WHAT THE EXERCISE ASKS:
Your copy should match the entries exactly, except that it holds no pictures.

[[ DATA PROVIDED, beginning ]]

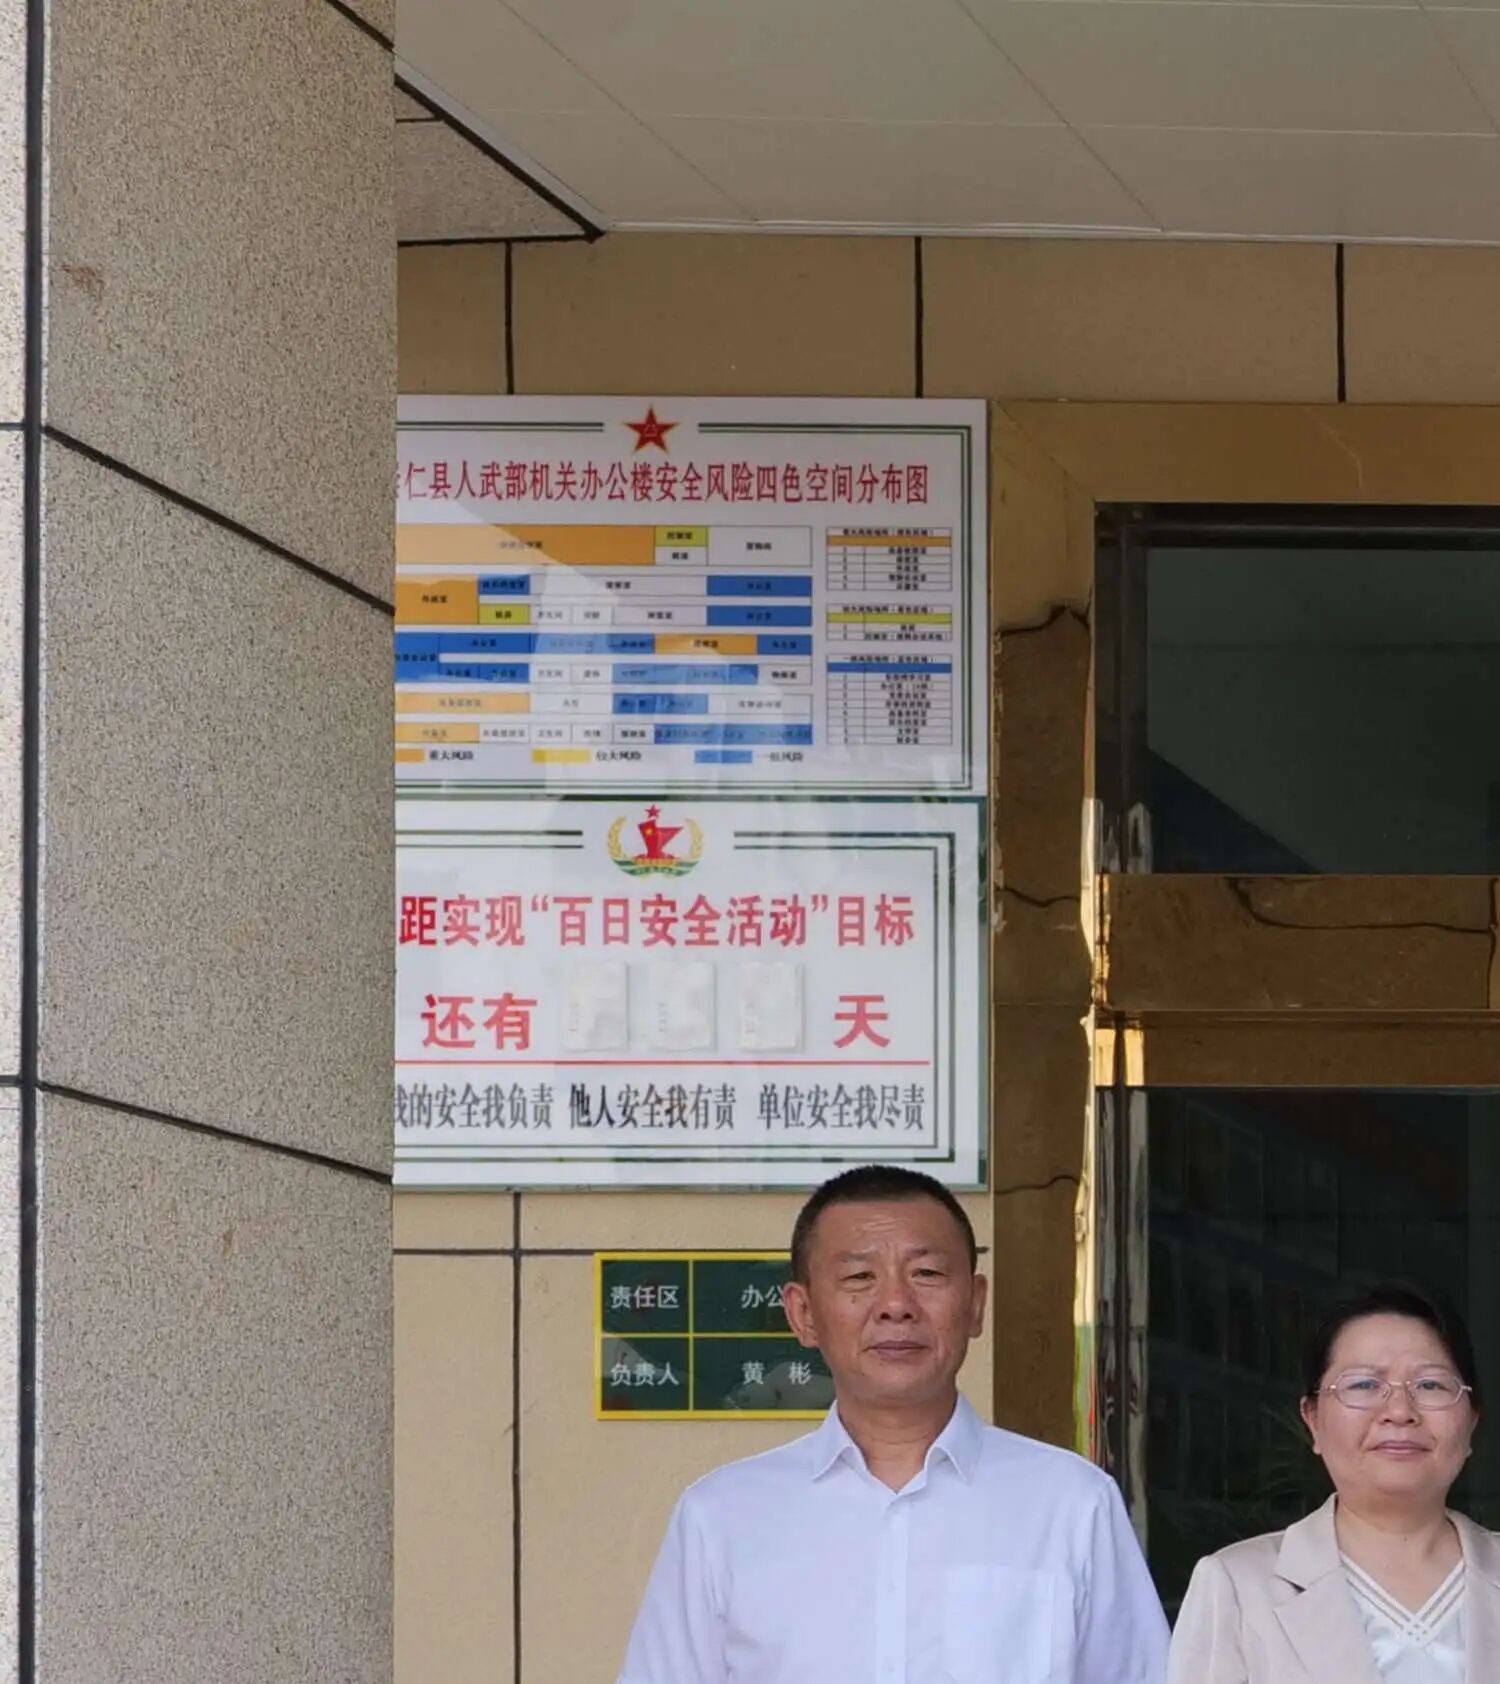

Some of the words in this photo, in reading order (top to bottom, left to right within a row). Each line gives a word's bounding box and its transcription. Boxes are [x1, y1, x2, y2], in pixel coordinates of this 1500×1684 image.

[396, 461, 930, 504] 仁县人武部机关办公楼安全风险四色空间分布图
[400, 894, 916, 948] 距实现“百日安全活动”目标
[421, 991, 539, 1050] 还有
[833, 994, 891, 1049] 天
[568, 1082, 737, 1130] 他人安全我有责
[757, 1083, 925, 1131] 单位安全我尽责
[610, 1285, 680, 1309] 责任区
[610, 1362, 680, 1386] 负责人

[[ DATA PROVIDED, end ]]

TASK SOLUTION:
Some of the words in this photo, in reading order (top to bottom, left to right within a row). Each line gives a word's bounding box and its transcription. Boxes are [x1, y1, x2, y2], in pixel coordinates of this 1500×1684 image.

[396, 461, 930, 504] 仁县人武部机关办公楼安全风险四色空间分布图
[400, 894, 916, 948] 距实现“百日安全活动”目标
[421, 991, 539, 1050] 还有
[833, 994, 891, 1049] 天
[568, 1082, 737, 1130] 他人安全我有责
[757, 1083, 925, 1131] 单位安全我尽责
[610, 1285, 680, 1309] 责任区
[610, 1362, 680, 1386] 负责人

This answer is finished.